There are several ways the fiador knot is used with certain types of horse tack:

- The knot is used on, and shares its name with, the fiador of a hackamore. The fiador knot holds the four strands of the fiador together under the horse's jaw, while a doubled bottle sling—sometimes called a "hackamore knot" in this context—is used to attach the fiador to the heel knot of the bosal, or noseband, of the hackamore. A becket hitch is used to secure the fiador around the throatlatch of the horse. In North America, again according to Ashley, "...the method originated in the South American pampas and worked its way, via Mexico, to the Southwestern cow country, arriving there soon after the conclusion of the Spanish–American War."
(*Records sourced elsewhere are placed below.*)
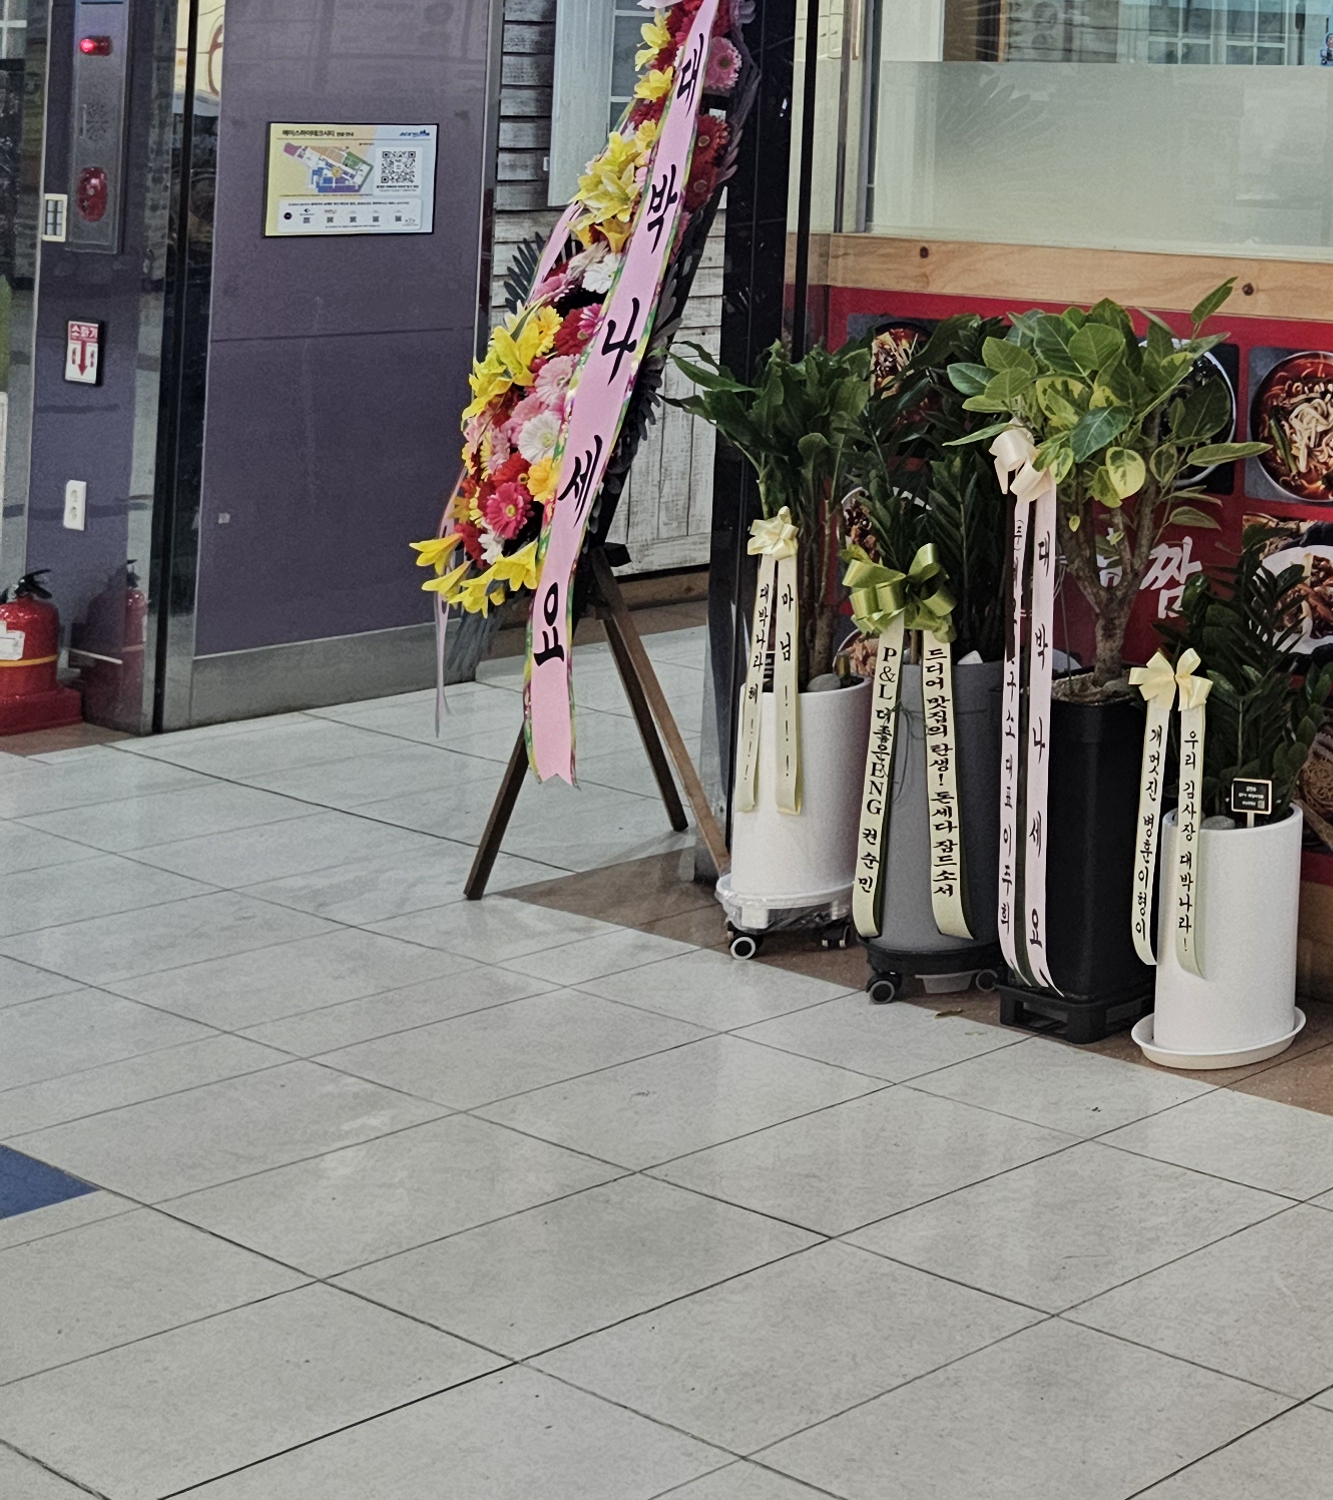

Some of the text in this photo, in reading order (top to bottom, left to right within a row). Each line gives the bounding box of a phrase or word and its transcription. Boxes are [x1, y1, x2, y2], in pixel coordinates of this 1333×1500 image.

[71, 324, 98, 339] 소화기
[879, 647, 897, 700] P&L
[925, 648, 948, 690] 드디어
[926, 695, 951, 737] 맛집의
[1146, 725, 1162, 802] 개멋진
[1184, 731, 1199, 770] 우리
[931, 791, 958, 834] 돈세다
[1181, 780, 1197, 841] 김사장
[933, 839, 958, 897] 잠드소서
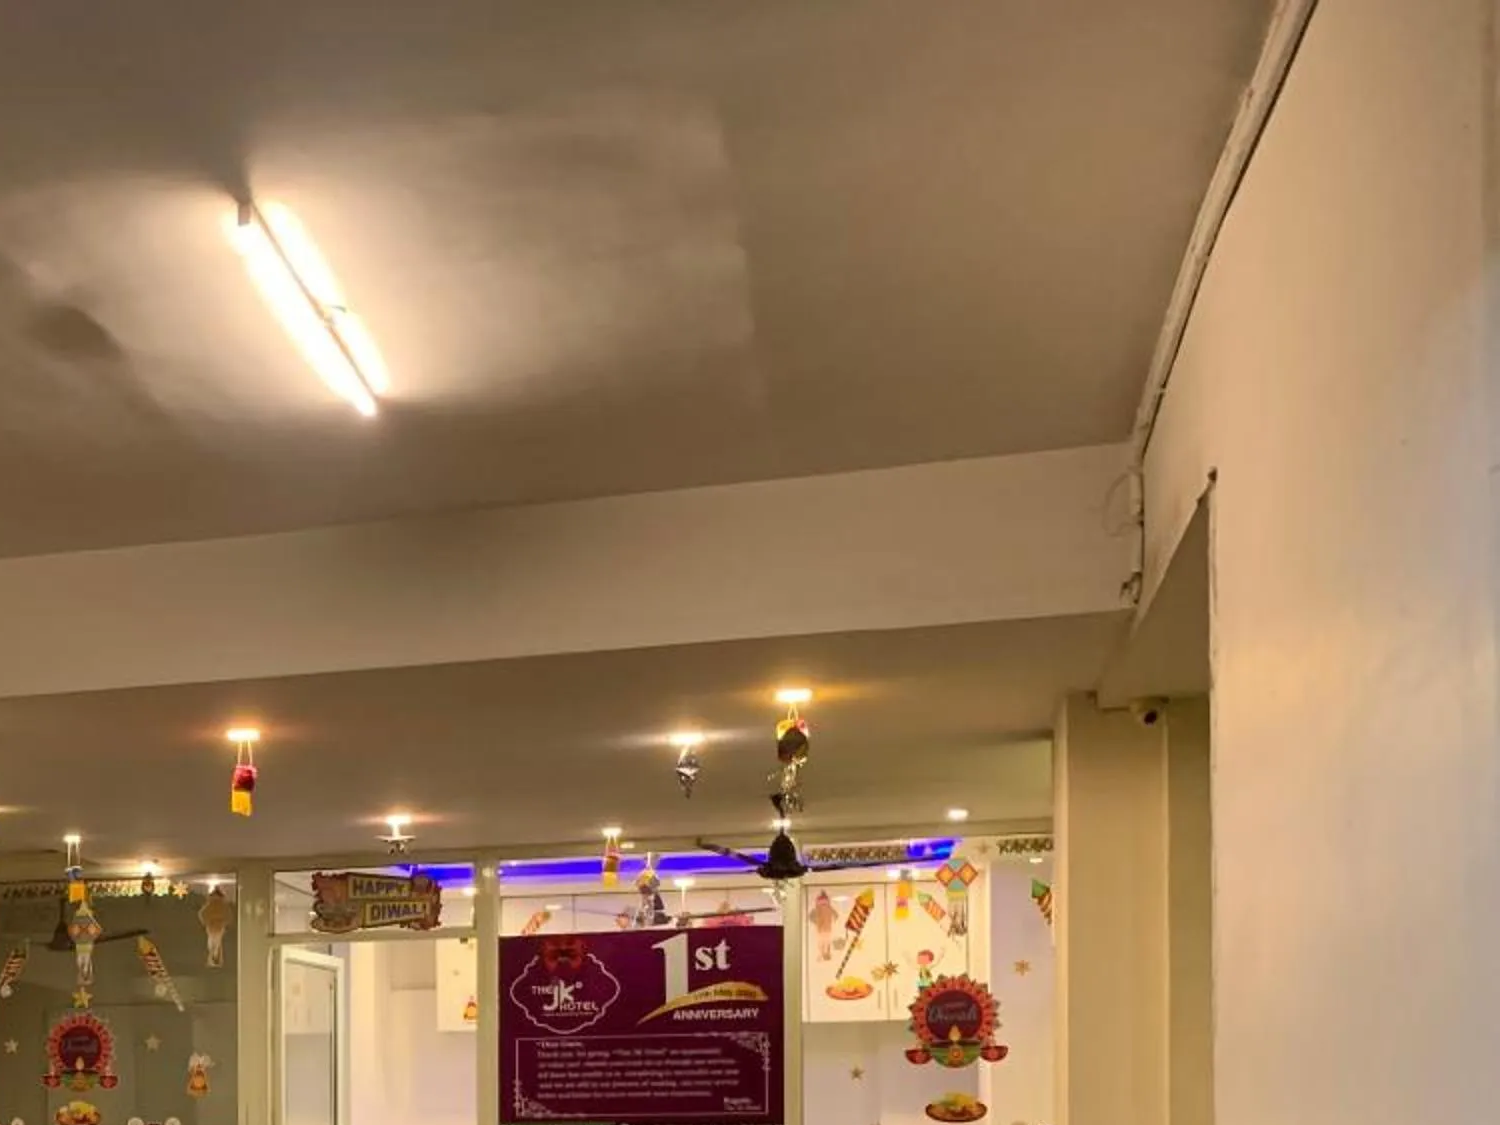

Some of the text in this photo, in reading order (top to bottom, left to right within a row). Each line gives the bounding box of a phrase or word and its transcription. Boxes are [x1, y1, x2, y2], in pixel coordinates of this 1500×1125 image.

[370, 901, 427, 921] DIWALI
[651, 932, 731, 1005] 1st
[560, 1001, 599, 1012] HOTEL
[673, 1008, 759, 1020] ANNIVERSARY
- On knotted rope halters, the knot often is used under the jaw both as a decorative knot, and also to fashion the lower loop onto which a lead rope is attached. On a rope halter, the fiador knot is made from one continuous piece of rope, and is, along with a series of double overhand knots, one of two types of knots that comprise most rope halters.
- For one style of rope hobbles, a brass ring may be attached to the double loops on one side of the knot to join the hobble for the horse's other front foot. On the other side, a diamond knot terminates the two loose ends and the single loop is placed over this to encircle the horse's fetlock. A small rope slide (melted with a solder iron) on this single loop is pushed against the diamond knot to prevent the loop from slipping off the foot.